Buchvorstellung und Diskussion
„Vorwurf: Aktiver Nazi, Werwolf oder Agent“
Die Verhaftungspraxis sowjetischer Geheimdienste in und um Bad Freienwalde 1945-1955

Podiumsteilnehmer:
Dr. Andreas Weigelt, Historiker und Autor
Dr. Reinhard Schmook, Leiter des Oderlandmuseums Bad Freienwalde
Dr. Axel Drecoll, Direktor der Stiftung Brandenburgische Gedenkstätten und Leiter des Museums und Gedenkstätte Sachsenhausen
Eckart Fichtmüller, Superintendent i. R. und Vorsitzender der Initiativgruppe Internierungslager Ketschendorf e. V.
Moderation:
Dr.
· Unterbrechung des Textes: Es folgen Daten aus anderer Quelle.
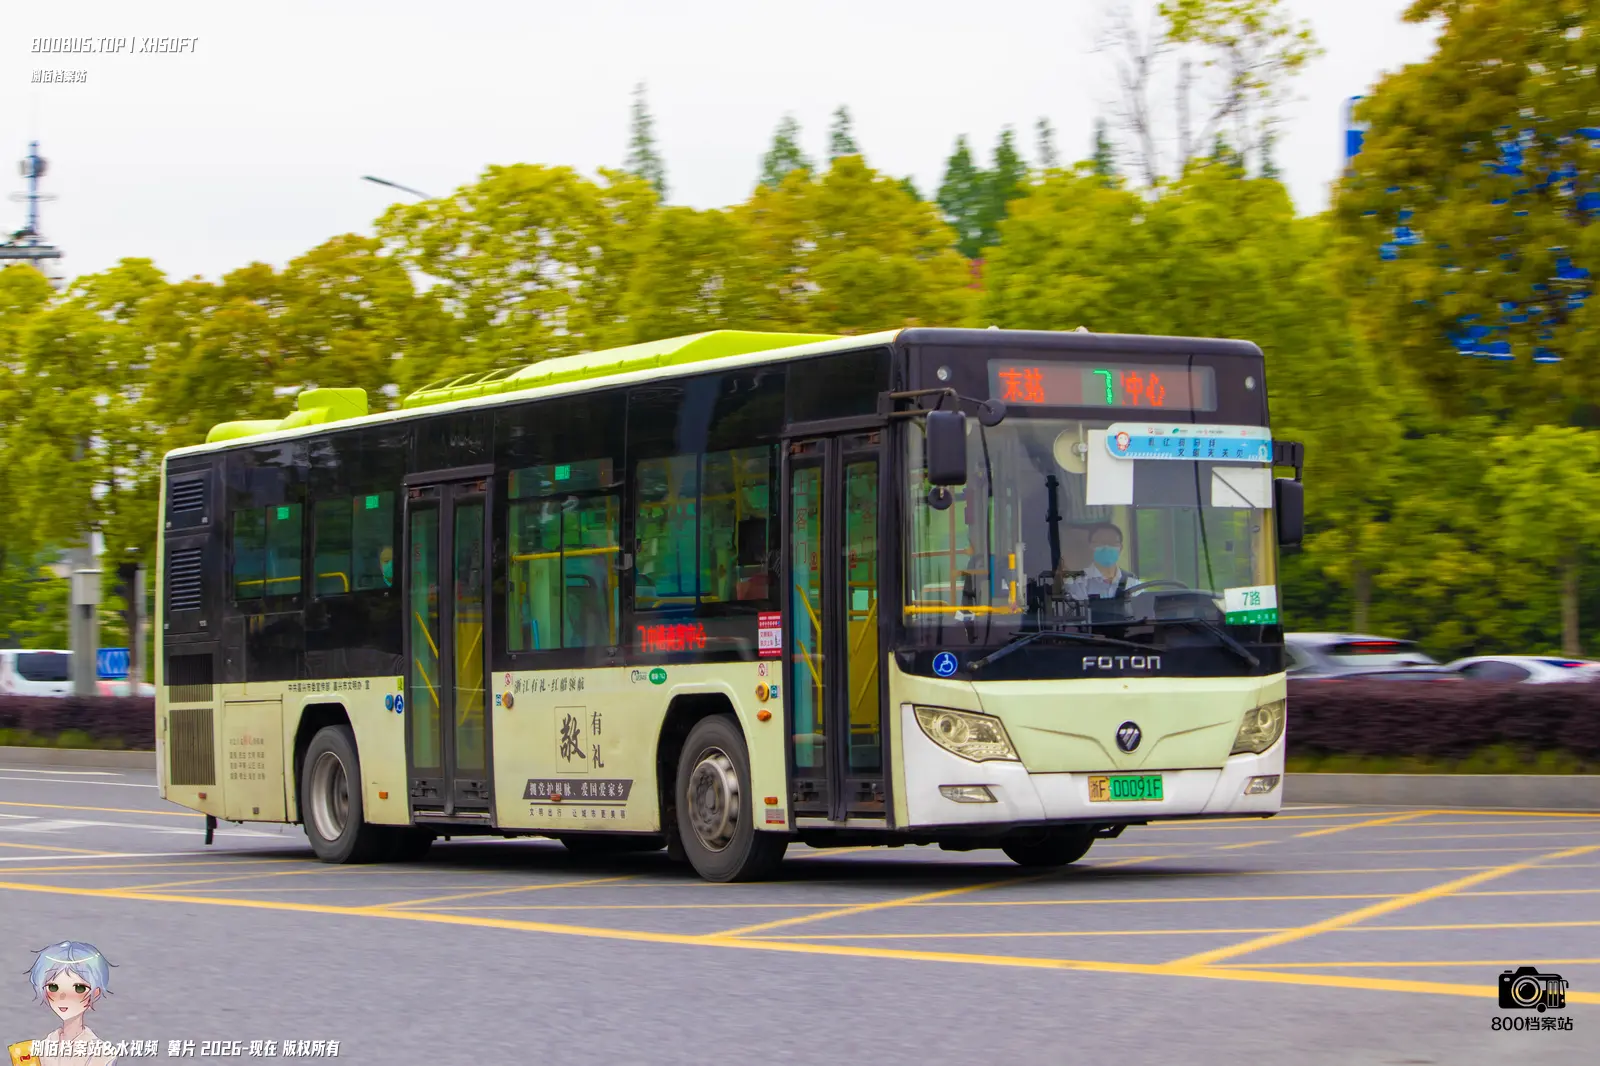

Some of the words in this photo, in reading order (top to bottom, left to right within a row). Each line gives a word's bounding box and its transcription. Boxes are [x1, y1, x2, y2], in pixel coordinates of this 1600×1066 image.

[1093, 370, 1113, 404] 7
[1120, 370, 1166, 407] 中心
[1242, 591, 1261, 606] 7路
[1082, 655, 1161, 670] FOTON
[1113, 778, 1161, 798] 00091F
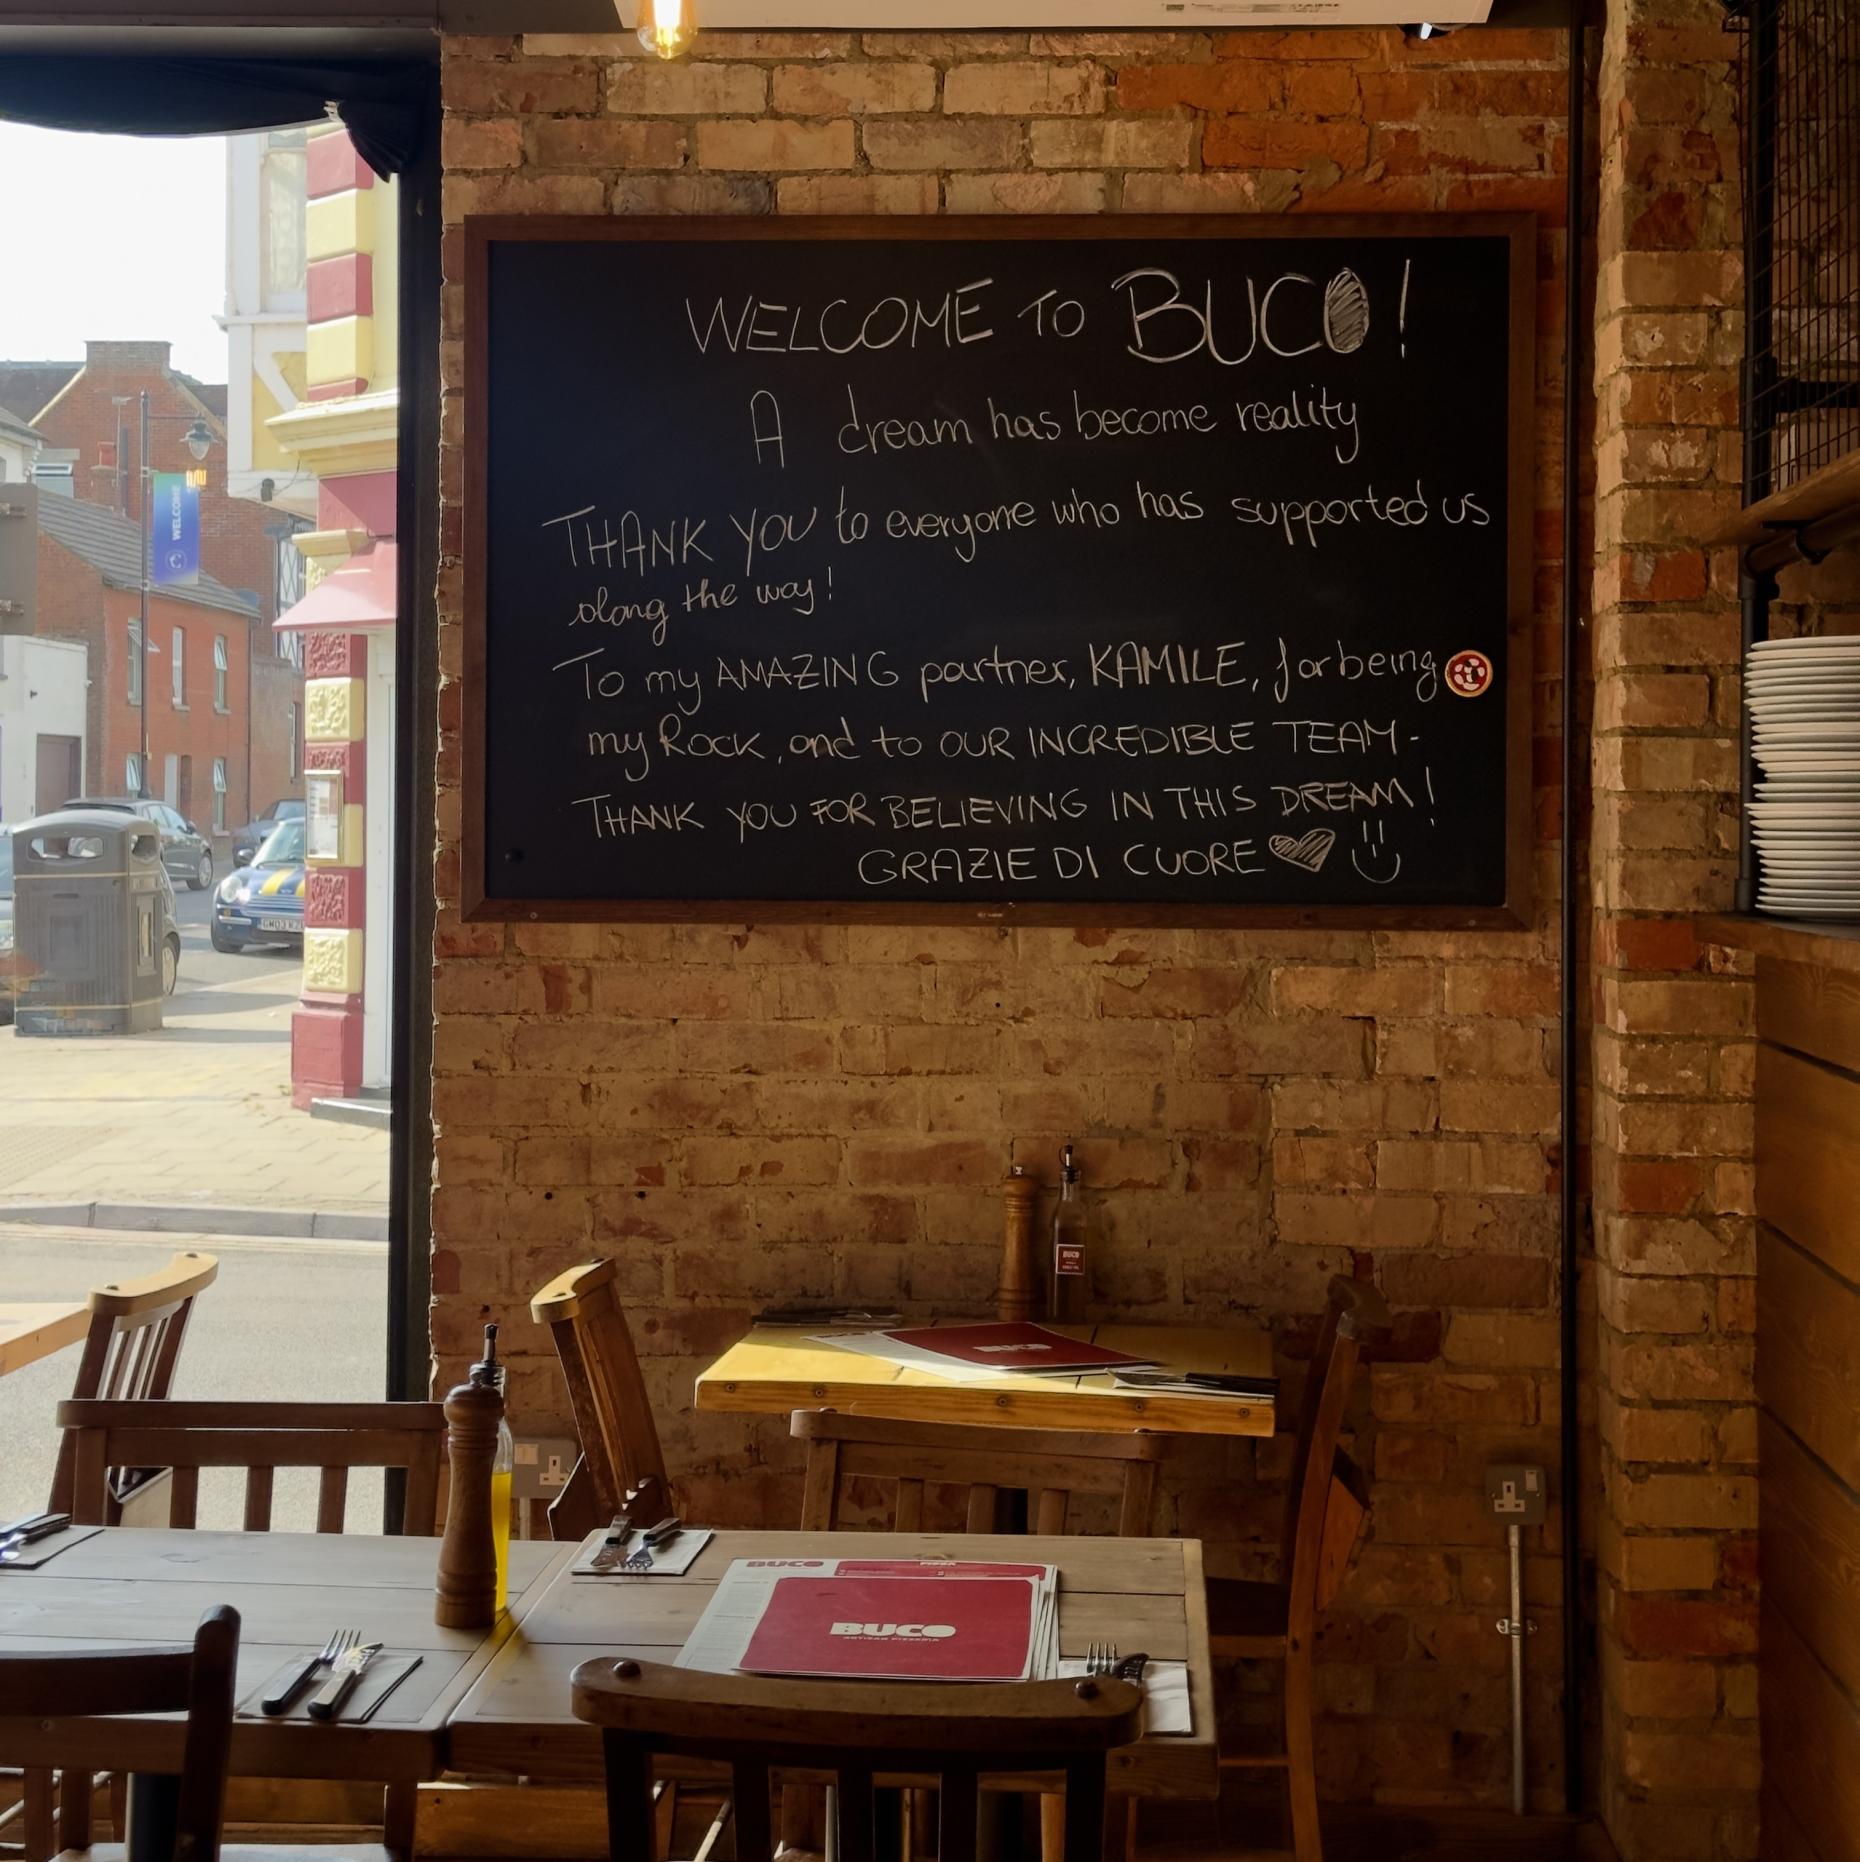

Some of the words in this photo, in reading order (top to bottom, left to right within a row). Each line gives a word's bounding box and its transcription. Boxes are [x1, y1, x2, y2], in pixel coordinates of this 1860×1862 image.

[686, 277, 994, 355] WELCOME
[750, 389, 785, 469] A
[837, 383, 974, 455] dream
[986, 396, 1062, 441] has
[1072, 389, 1218, 441] become
[1235, 383, 1360, 465] reality
[171, 484, 182, 541] WELCOME
[541, 504, 714, 577] THANK
[834, 485, 869, 545] to
[885, 501, 1037, 564] everyone
[1051, 487, 1120, 529] who
[1136, 480, 1205, 521] has
[1230, 478, 1429, 549] supported
[1442, 492, 1490, 526] us
[568, 586, 670, 647] along
[681, 578, 738, 613] the
[644, 668, 702, 716] my
[716, 650, 900, 692] AMAZING
[1273, 636, 1332, 704] for
[1336, 639, 1438, 703] being
[588, 731, 650, 782] my
[871, 725, 923, 758] to
[939, 726, 1016, 761] OUR
[1028, 720, 1255, 759] INCREDIBLE
[571, 793, 705, 839] THANK
[725, 801, 797, 844] YOU
[809, 791, 876, 827] FOR
[880, 787, 1088, 830] BELIEVING
[1110, 789, 1155, 822] IN
[1162, 784, 1257, 820] THIS
[857, 847, 1038, 885] GRAZIE
[1052, 844, 1100, 879] DI
[1123, 838, 1266, 877] CUORE
[829, 1622, 956, 1638] BUCO
Maria Nooke, Beauftragte des Landes Brandenburg zur Aufarbeitung der Folgen der kommunistischen Diktatur

Nach dem Ende des Zweiten Weltkrieges vereinbarten die alliierten Siegermächte eine Entnazifizierung der deutschen Bevölkerung. In der Sowjetischen Besatzungszonen (SBZ) und der DDR waren nach sowjetischen Angaben 122 671 deutsche Männer, Frauen und Jugendliche von 1945 bis 1950 in den sowjetischen Speziallagern interniert. Sie wurden nach Befehl 00315 des Volkskommissars für Innere Angelegenheiten der UdSSR ohne Urteil in anfangs zehn Lagern in der SBZ verbracht. Später wurden auch von Sowjetischen Militärtribunalen (SMT) Verurteilte in einige dieser Lager, z. B. Sachsenhausen, eingeliefert. Bis heute gibt es jedoch kaum gesicherte Angaben über die tatsächlichen Verhaftungsgründe.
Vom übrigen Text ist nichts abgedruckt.